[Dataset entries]

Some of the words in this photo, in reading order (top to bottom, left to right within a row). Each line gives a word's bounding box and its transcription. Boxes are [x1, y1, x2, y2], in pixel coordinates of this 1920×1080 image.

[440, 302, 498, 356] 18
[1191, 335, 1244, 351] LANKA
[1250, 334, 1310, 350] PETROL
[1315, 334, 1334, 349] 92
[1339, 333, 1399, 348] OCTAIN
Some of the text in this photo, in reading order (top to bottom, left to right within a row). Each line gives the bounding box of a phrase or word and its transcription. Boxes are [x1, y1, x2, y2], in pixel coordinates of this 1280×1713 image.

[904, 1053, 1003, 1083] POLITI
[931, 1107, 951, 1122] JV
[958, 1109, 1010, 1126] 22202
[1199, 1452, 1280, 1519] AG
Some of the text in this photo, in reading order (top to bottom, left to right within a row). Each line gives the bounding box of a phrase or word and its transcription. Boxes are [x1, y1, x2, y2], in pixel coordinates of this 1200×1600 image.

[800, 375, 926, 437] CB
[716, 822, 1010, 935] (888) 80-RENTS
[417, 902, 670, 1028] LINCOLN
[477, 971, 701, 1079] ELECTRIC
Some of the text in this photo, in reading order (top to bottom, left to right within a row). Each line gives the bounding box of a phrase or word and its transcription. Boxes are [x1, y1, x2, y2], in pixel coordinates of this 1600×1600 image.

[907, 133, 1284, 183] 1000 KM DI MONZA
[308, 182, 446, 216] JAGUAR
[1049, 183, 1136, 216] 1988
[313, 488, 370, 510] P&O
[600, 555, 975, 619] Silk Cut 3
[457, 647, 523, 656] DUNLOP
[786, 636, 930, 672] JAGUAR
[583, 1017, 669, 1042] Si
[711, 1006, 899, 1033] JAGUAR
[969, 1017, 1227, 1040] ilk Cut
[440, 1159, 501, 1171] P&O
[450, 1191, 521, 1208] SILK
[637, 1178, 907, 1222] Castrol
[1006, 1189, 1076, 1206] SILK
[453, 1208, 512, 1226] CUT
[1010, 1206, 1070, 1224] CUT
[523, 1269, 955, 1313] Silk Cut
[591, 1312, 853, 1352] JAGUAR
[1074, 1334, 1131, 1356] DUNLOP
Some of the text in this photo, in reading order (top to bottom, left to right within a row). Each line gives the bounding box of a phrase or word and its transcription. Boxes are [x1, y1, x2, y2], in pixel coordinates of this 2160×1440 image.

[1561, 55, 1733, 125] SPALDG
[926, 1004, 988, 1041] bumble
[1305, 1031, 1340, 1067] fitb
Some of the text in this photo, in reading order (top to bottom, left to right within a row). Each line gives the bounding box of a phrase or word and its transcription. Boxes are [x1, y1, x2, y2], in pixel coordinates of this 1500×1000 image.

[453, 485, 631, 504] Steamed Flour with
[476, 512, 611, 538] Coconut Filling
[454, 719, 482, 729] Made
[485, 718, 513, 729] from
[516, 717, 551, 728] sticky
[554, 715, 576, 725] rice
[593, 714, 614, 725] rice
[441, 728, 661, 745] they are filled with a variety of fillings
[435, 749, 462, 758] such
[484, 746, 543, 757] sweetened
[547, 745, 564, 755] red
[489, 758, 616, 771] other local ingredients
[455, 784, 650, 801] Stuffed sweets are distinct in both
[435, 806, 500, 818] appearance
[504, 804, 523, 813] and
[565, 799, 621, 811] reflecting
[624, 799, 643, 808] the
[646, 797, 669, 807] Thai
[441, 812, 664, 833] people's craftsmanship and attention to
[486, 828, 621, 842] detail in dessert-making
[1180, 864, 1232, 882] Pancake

Task statement => Word for word, restate each of the records above.

Output below =>
Some of the words in this photo, in reading order (top to bottom, left to right within a row). Each line gives a word's bounding box and its transcription. Boxes are [x1, y1, x2, y2], in pixel coordinates of this 1920×1080 image.

[440, 302, 498, 356] 18
[1191, 335, 1244, 351] LANKA
[1250, 334, 1310, 350] PETROL
[1315, 334, 1334, 349] 92
[1339, 333, 1399, 348] OCTAIN
Some of the text in this photo, in reading order (top to bottom, left to right within a row). Each line gives the bounding box of a phrase or word and its transcription. Boxes are [x1, y1, x2, y2], in pixel coordinates of this 1280×1713 image.

[904, 1053, 1003, 1083] POLITI
[931, 1107, 951, 1122] JV
[958, 1109, 1010, 1126] 22202
[1199, 1452, 1280, 1519] AG
Some of the text in this photo, in reading order (top to bottom, left to right within a row). Each line gives the bounding box of a phrase or word and its transcription. Boxes are [x1, y1, x2, y2], in pixel coordinates of this 1200×1600 image.

[800, 375, 926, 437] CB
[716, 822, 1010, 935] (888) 80-RENTS
[417, 902, 670, 1028] LINCOLN
[477, 971, 701, 1079] ELECTRIC
Some of the text in this photo, in reading order (top to bottom, left to right within a row). Each line gives the bounding box of a phrase or word and its transcription. Boxes are [x1, y1, x2, y2], in pixel coordinates of this 1600×1600 image.

[907, 133, 1284, 183] 1000 KM DI MONZA
[308, 182, 446, 216] JAGUAR
[1049, 183, 1136, 216] 1988
[313, 488, 370, 510] P&O
[600, 555, 975, 619] Silk Cut 3
[457, 647, 523, 656] DUNLOP
[786, 636, 930, 672] JAGUAR
[583, 1017, 669, 1042] Si
[711, 1006, 899, 1033] JAGUAR
[969, 1017, 1227, 1040] ilk Cut
[440, 1159, 501, 1171] P&O
[450, 1191, 521, 1208] SILK
[637, 1178, 907, 1222] Castrol
[1006, 1189, 1076, 1206] SILK
[453, 1208, 512, 1226] CUT
[1010, 1206, 1070, 1224] CUT
[523, 1269, 955, 1313] Silk Cut
[591, 1312, 853, 1352] JAGUAR
[1074, 1334, 1131, 1356] DUNLOP
Some of the text in this photo, in reading order (top to bottom, left to right within a row). Each line gives the bounding box of a phrase or word and its transcription. Boxes are [x1, y1, x2, y2], in pixel coordinates of this 2160×1440 image.

[1561, 55, 1733, 125] SPALDG
[926, 1004, 988, 1041] bumble
[1305, 1031, 1340, 1067] fitb
Some of the text in this photo, in reading order (top to bottom, left to right within a row). Each line gives the bounding box of a phrase or word and its transcription. Boxes are [x1, y1, x2, y2], in pixel coordinates of this 1500×1000 image.

[453, 485, 631, 504] Steamed Flour with
[476, 512, 611, 538] Coconut Filling
[454, 719, 482, 729] Made
[485, 718, 513, 729] from
[516, 717, 551, 728] sticky
[554, 715, 576, 725] rice
[593, 714, 614, 725] rice
[441, 728, 661, 745] they are filled with a variety of fillings
[435, 749, 462, 758] such
[484, 746, 543, 757] sweetened
[547, 745, 564, 755] red
[489, 758, 616, 771] other local ingredients
[455, 784, 650, 801] Stuffed sweets are distinct in both
[435, 806, 500, 818] appearance
[504, 804, 523, 813] and
[565, 799, 621, 811] reflecting
[624, 799, 643, 808] the
[646, 797, 669, 807] Thai
[441, 812, 664, 833] people's craftsmanship and attention to
[486, 828, 621, 842] detail in dessert-making
[1180, 864, 1232, 882] Pancake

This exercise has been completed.